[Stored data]
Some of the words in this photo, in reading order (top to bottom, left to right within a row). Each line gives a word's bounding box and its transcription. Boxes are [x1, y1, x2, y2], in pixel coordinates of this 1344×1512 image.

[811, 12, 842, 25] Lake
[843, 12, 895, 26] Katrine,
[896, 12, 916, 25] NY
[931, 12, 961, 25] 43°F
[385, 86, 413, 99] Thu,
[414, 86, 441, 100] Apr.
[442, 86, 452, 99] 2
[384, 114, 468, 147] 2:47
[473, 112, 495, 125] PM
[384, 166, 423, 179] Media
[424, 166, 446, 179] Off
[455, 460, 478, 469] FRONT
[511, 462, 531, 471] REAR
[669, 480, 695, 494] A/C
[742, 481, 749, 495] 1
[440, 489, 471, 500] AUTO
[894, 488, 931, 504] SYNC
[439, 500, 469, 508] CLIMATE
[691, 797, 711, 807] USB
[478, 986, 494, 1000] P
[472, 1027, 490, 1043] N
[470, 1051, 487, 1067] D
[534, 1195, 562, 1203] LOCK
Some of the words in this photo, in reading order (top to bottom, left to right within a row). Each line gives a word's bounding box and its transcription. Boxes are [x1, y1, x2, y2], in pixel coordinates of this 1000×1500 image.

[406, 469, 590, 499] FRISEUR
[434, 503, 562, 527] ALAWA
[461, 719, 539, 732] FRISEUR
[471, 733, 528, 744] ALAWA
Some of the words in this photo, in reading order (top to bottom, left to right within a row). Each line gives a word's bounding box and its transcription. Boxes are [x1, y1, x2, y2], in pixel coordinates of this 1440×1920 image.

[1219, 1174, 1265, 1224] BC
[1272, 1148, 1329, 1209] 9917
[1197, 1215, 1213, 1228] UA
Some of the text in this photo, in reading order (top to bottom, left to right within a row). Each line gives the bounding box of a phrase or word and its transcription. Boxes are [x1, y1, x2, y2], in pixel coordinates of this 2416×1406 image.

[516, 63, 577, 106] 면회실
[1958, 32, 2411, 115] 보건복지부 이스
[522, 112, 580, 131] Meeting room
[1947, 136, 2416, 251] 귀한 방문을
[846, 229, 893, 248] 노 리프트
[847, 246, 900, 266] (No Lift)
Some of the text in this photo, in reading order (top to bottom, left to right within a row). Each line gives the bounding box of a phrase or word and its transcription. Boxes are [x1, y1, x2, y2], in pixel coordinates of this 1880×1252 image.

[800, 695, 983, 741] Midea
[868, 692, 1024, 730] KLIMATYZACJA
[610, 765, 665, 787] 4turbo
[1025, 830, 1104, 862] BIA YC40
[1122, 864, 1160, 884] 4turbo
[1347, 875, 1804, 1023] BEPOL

**WORK INSTRUCTION**
Begin with the line that contains "this 2416×1406 image." and print each line exactly until the data ends, including the last line.

**ANSWER SPACE**
Some of the text in this photo, in reading order (top to bottom, left to right within a row). Each line gives the bounding box of a phrase or word and its transcription. Boxes are [x1, y1, x2, y2], in pixel coordinates of this 2416×1406 image.

[516, 63, 577, 106] 면회실
[1958, 32, 2411, 115] 보건복지부 이스
[522, 112, 580, 131] Meeting room
[1947, 136, 2416, 251] 귀한 방문을
[846, 229, 893, 248] 노 리프트
[847, 246, 900, 266] (No Lift)
Some of the text in this photo, in reading order (top to bottom, left to right within a row). Each line gives the bounding box of a phrase or word and its transcription. Boxes are [x1, y1, x2, y2], in pixel coordinates of this 1880×1252 image.

[800, 695, 983, 741] Midea
[868, 692, 1024, 730] KLIMATYZACJA
[610, 765, 665, 787] 4turbo
[1025, 830, 1104, 862] BIA YC40
[1122, 864, 1160, 884] 4turbo
[1347, 875, 1804, 1023] BEPOL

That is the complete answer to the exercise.